Simón Peres: una vida al servicio de Israel

La muerte de Simón Peres, a la edad de 93 años, es un momento para hacer balance no sólo sobre una de las figuras judías más extraordinarias de los últimos cien años, también de la historia del Estado de Israel, al que sirvió durante toda su vida adulta. Por su larga etapa como asistente del primer ministro David ben Gurión, y porque ocupó casi todas las posiciones de autoridad del Estado, la historia de Peres es también en gran medida la de su nación. Y es en ese contexto, y no bajo el prisma de algunas de las políticas que defendió, como deben juzgarse sus enormes contribuciones a Israel.

Como uno de los chicos de Ben Gurión, y con la potestad que le otorgaba ser director general del Ministerio de Defensa, fue Peres quien más contribuyó a construir la infraestructura de seguridad y la industria de defensa israelíes. Su diplomacia fue clave para la alianza que Israel forjó en aquel entonces con Francia. Eso no sólo condujo a la Campaña de Suez de 1956 (un gran éxito para Israel aunque fuera un desastre para Gran Bretaña y Francia), también a que Israel se hiciera con su primera generación de armamento sofisticado y al nacimiento del programa nuclear del propio Israel. Siguió a su jefe cuando salió del Gobierno y en su paso a la oposición, para resurgir como líder del Partido Laborista y ocupar varias posiciones importantes, entre ellas la de ministro de Defensa y, en dos ocasiones, la de primer ministro, pese a que nunca ganó unas elecciones.

Pero no es por su papel de organizador de la defensa de Israel en una época en que la seguridad del Estado judío pendía de un hilo por lo que más se le recuerda. Su legado político tiene más que ver con su desempeño como ministro de Exteriores en el Gobierno de Isaac Rabín, su rival implacable durante tanto tiempo, a principios de los 90. Peres fue la fuerza motriz en la decisión de contactar con la Organización para la Liberación de Palestina (OLP) a fin de tratar de acabar con el conflicto con los árabes, que precedía en mucho a la fundación de Israel. Aunque compartió el Premio Nobel con Rabín y el líder de la OLP Yaser Arafat, además de pugnar con más fuerza por lo que acabaría conociéndose como los Acuerdos de Paz de Oslo, fue el único que creía en lo que estaban haciendo.

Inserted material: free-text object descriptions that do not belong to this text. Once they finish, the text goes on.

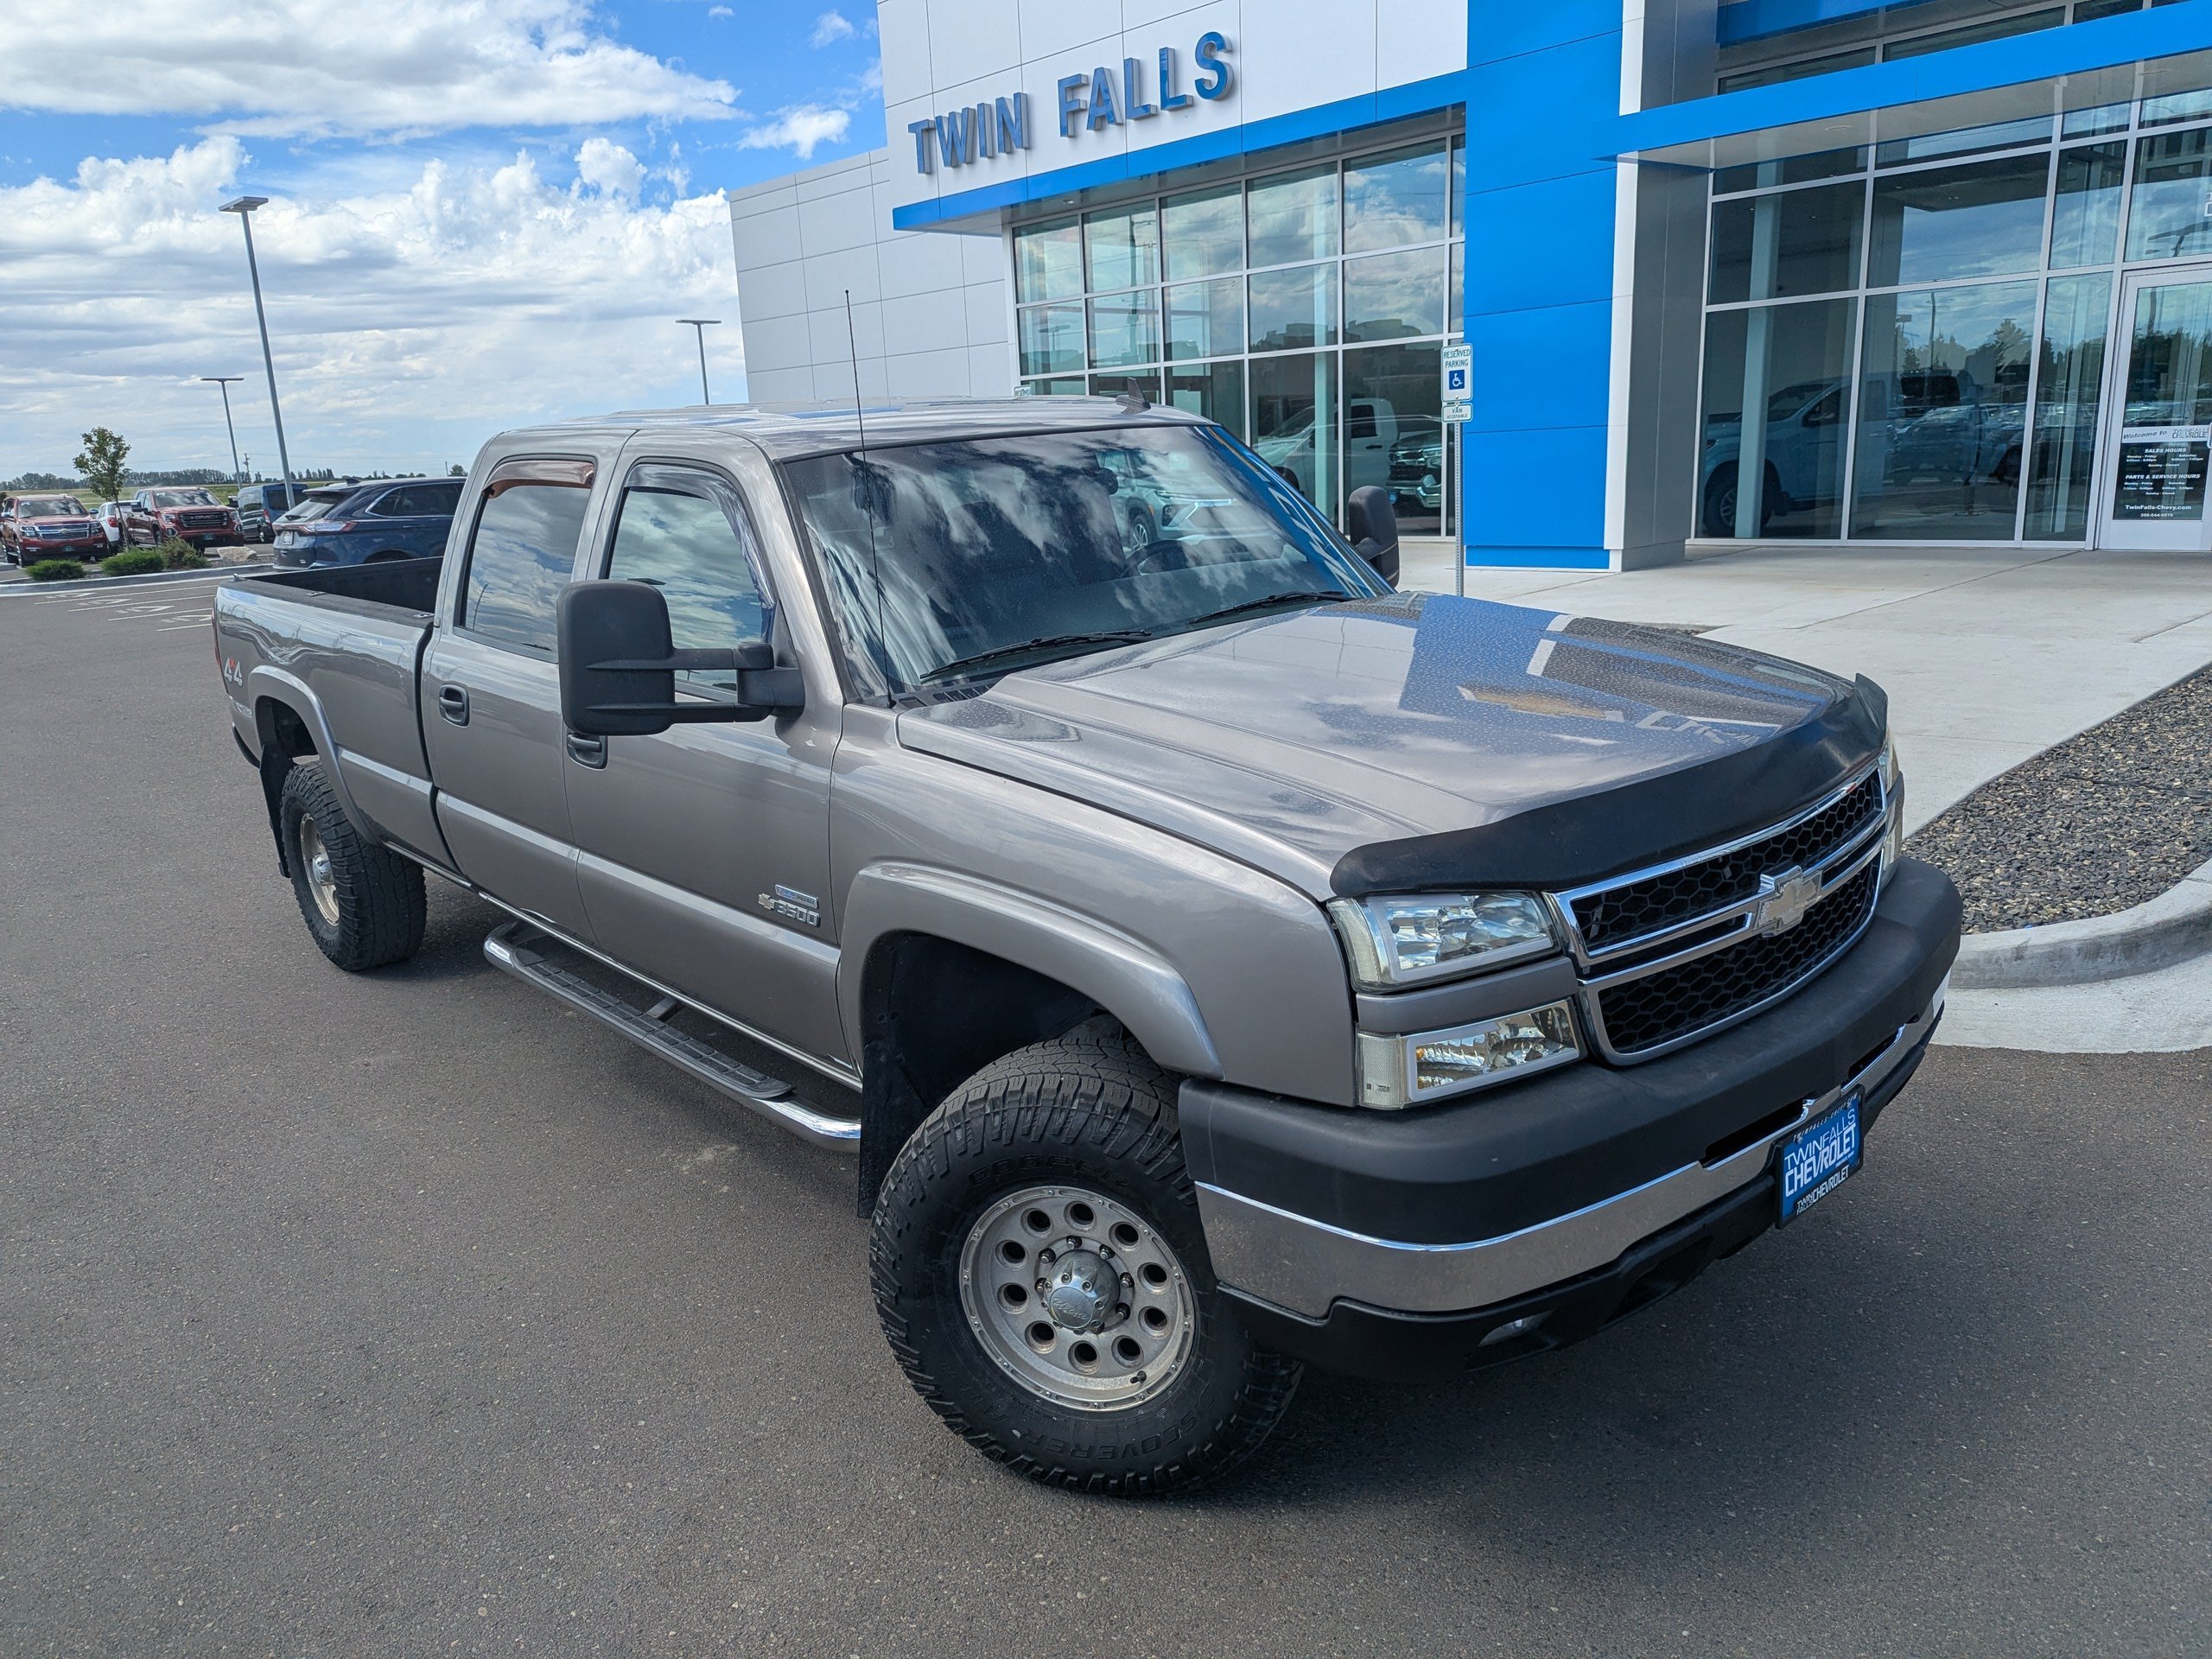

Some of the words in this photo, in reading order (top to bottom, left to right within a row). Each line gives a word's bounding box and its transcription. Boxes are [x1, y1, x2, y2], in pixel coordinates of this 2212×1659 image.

[908, 92, 1029, 174] TWIN
[1058, 31, 1234, 138] FALLS
[1443, 349, 1471, 359] RESERVED
[1445, 359, 1469, 368] PARKING
[1784, 1108, 1856, 1170] TWINFALLS
[1785, 1122, 1856, 1198] CHEVROLET
[1812, 1164, 1850, 1204] CHEVROLET

A Peres le gustaba decir que era más filósofo que político. Esta etiqueta explica su dedicación a la idea de que un acuerdo del tipo paz por territorios podría terminar con décadas de conflicto, a pesar de las evidencias que convencieron a figuras mucho más templadas de que estaba condenado al fracaso. Su objetivo no era tanto lograr un acuerdo en materia de seguridad como la creación de lo que describía esperanzado como un Nuevo Oriente Medio –tal fue el título del libro que escribió al respecto, publicado en plena euforia post Oslo–, en que el peligroso vecindario en que habitaba Israel se convertía en una suerte de Benelux del Mediterráneo.

El problema era que su socio en las negociaciones, Arafat, no compartía sus nobles objetivos. El veterano terrorista utilizó la Autoridad Palestina creada por Oslo para lanzar las dos décadas de matanzas y conflictos que siguieron al momento de gloria de Peres en los jardines de la Casa Blanca en septiembre de 1993. La fe de Peres en la necesidad de la paz le impidió ver buena parte de los riesgos que estaba asumiendo. Cuando se le preguntaba por ello –como yo hice una vez–, comparaba los temores sobre Oslo con el viajero que lee la letra pequeña de su billete, que advierte sobre la posibilidad de que el avión se estrelle. Creía que el pueblo de Israel debía confiar en su piloto y no distraerse con preocupaciones irracionales. Pero, por desgracia, la fe en las buenas intenciones de Arafat fue recompensada con nuevas ofensivas terroristas, y no con la paz con la que él y el pueblo de Israel soñaban. El Estado judío acabó pagando un alto precio en sangre por el siniestro que él había pergeñado.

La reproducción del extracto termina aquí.